I Lakers potrebbero aver trovato in casa il creatore per la second unit che tanto è mancato la scorsa stagione. Horton-Tucker mostra progressi con il pallone in mano sia come scorer che come passatore e potrebbe essere il partner ideale per il pick-and-roll con Harrell. Non è ancora pronto, soprattutto in difesa, ma il talento e il tempo per crescere non mancano.

❌ Minus

I Lakers hanno perso la capacità di proteggere il pirrurato. Ben 62 i punti connessi in area ai Bulls, una squadra che non ha di certo in front court fuoriclasse inarrestabili. La speranza è che il rientro di Davis e il miglioramento della forma fisica di Gasol possano migliorare la situazione.

Kyle Kuzma ci aveva abituato a ottime prove in assenza di Anthony Davis. Contro i Bulls non sfrutta l’opportunità e il suo contributo risulta impalpabile. Deve mostrare di più per giustificare il rinnovo del contratto.

Ennesima partita che si decide nel finale per i gialloviola. Una volta raggiunto il vantaggio in doppia cifra nel quarto periodo era lecito aspettarsi un paio di minuti con la giusta concentrazione per evitare il rientro in gara di un avversario più debole.

🗨️ Post Game Quotes

Jared è uno di quei ragazzi cui non importa cosa serva alla squadra – qualsiasi cosa sia, fuori o dentro il campo – lui è sempre pronto per dare tutto. È come un diamante grezzo per un team che vuole vincere l’anello.

In queste prime dieci partite credo abbiamo giocato un basket che merita poco più della sufficienza, ma va bene così. Abbiamo aggiunto cinque nuovi ragazzi alle rotazioni, stiamo ancora imparando a conoscerci. Ci stiamo abituando a partire con lineup differenti. Abbiamo giocato un basket abbastanza buono, ma vogliamo di più.

LeBron James

Jared Dudley è uno dei migliori compagni di squadra che abbia mai avuto.

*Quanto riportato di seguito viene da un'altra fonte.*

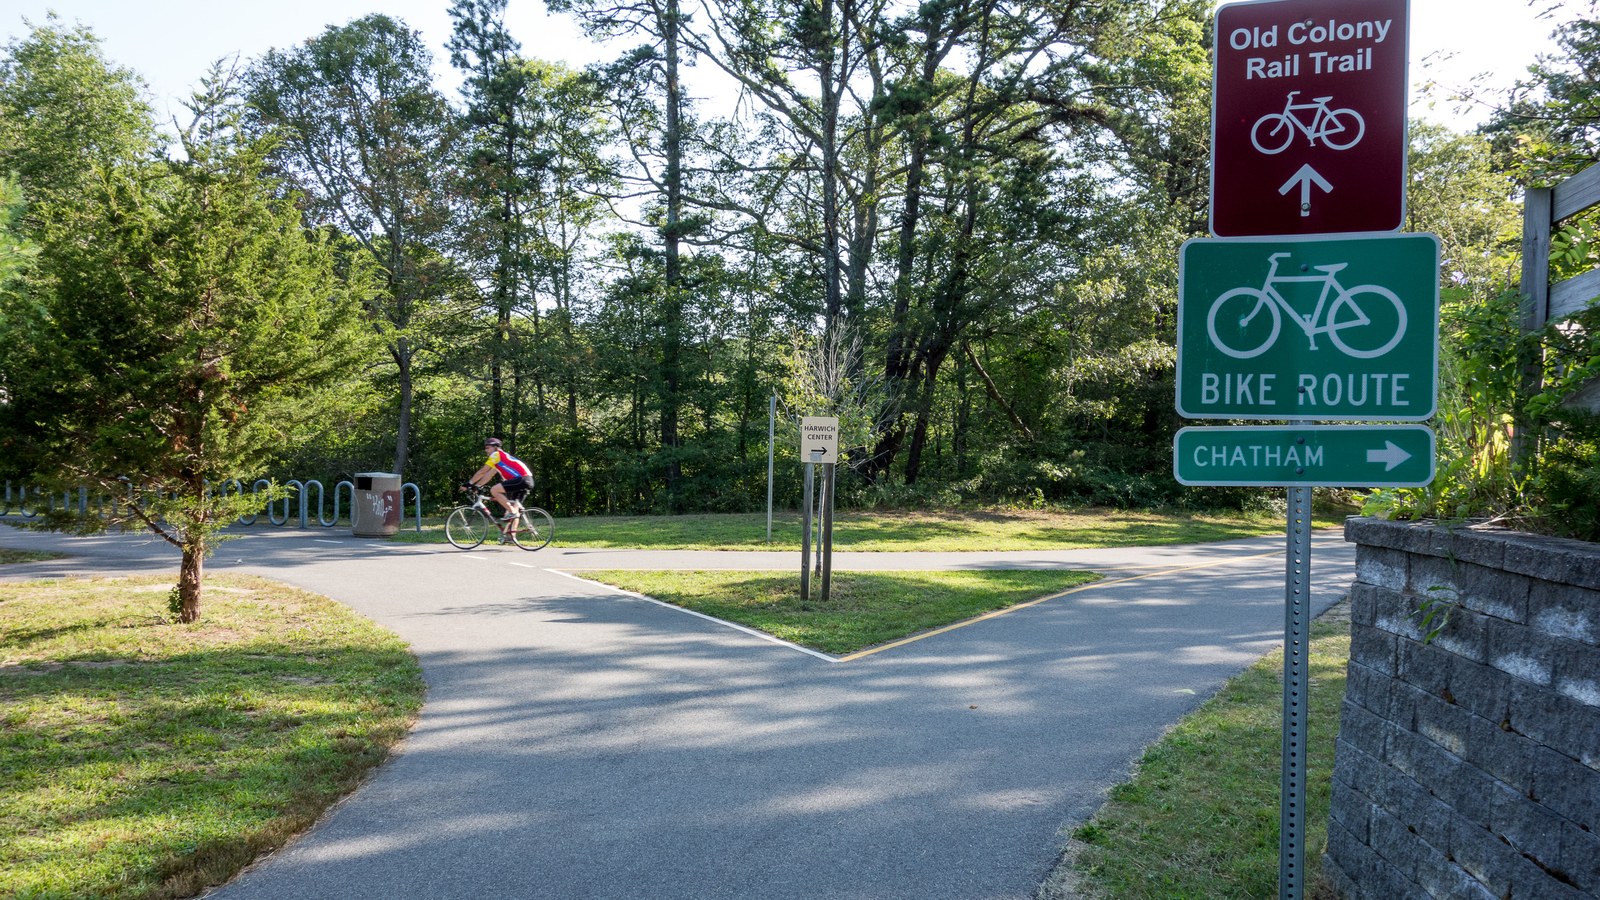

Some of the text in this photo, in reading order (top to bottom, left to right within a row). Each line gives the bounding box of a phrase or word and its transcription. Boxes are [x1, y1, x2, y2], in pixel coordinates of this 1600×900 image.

[1229, 19, 1392, 50] Old Colony
[1246, 48, 1372, 80] Rail Trail
[1201, 373, 1410, 406] BIKE ROUTE
[1194, 445, 1324, 467] CHATHAM
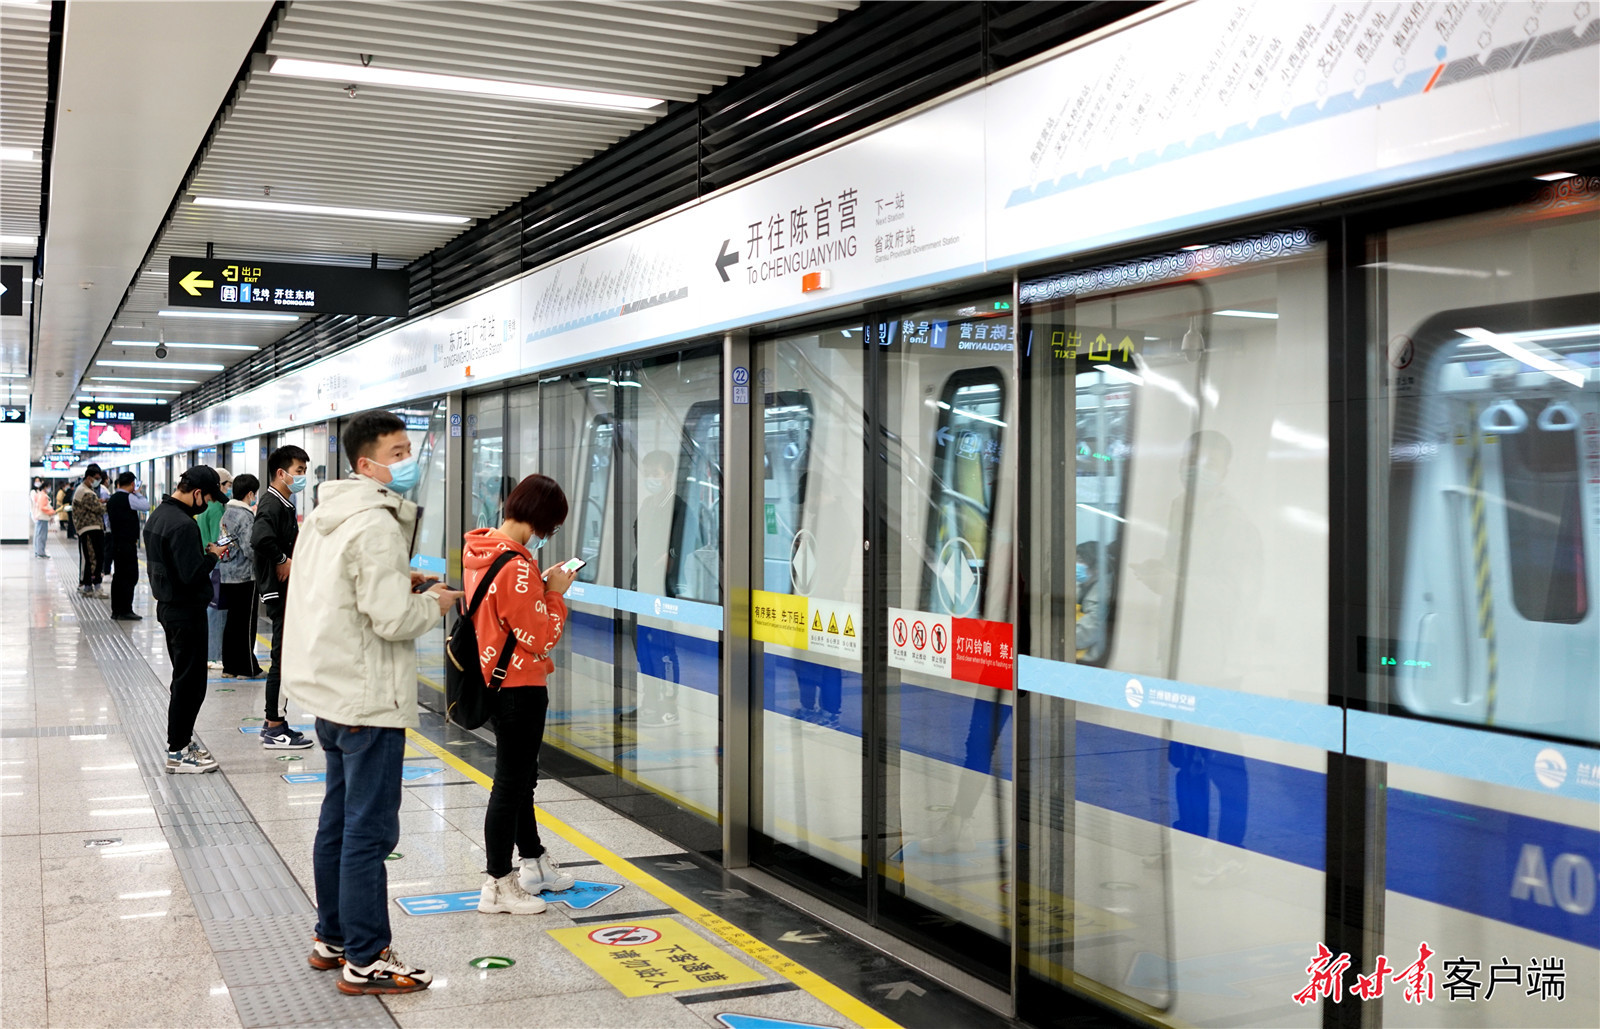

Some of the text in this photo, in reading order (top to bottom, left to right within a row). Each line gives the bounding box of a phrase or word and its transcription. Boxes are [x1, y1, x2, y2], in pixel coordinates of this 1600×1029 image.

[1390, 0, 1426, 48] 省政府
[1435, 0, 1460, 35] 东方
[1316, 10, 1355, 71] 文化宫站
[1353, 10, 1386, 58] 西关站
[1278, 21, 1317, 81] 小西湖站
[874, 192, 905, 217] 下一站
[875, 211, 905, 226] Next Station
[747, 188, 858, 260] 开往陈官营
[874, 226, 917, 254] 省政府站
[942, 235, 960, 249] Station
[241, 266, 262, 277] 出口
[747, 235, 858, 285] To CHENGUANYING
[242, 286, 315, 301] 1 号线 开往东岗
[735, 369, 746, 382] 22
[755, 606, 805, 625] 有序乘车 先下后上
[956, 636, 992, 657] 灯闪铃响
[608, 949, 679, 988] 请勿站人
[655, 944, 729, 983] 下客通道

È un professionista ed è sempre pronto.

Dennis Schröder

Frank Vogel è il miglior coach dal punto di vista della comunicazione che mi abbia mai allenato in carriera.

Wesley Matthews

🏆 Game MVP

📅 Next Game

I Los Angeles Lakers tornano in campo nella notte – alle 1:00 italiane – per affrontare al Toyota Center gli Houston Rockets.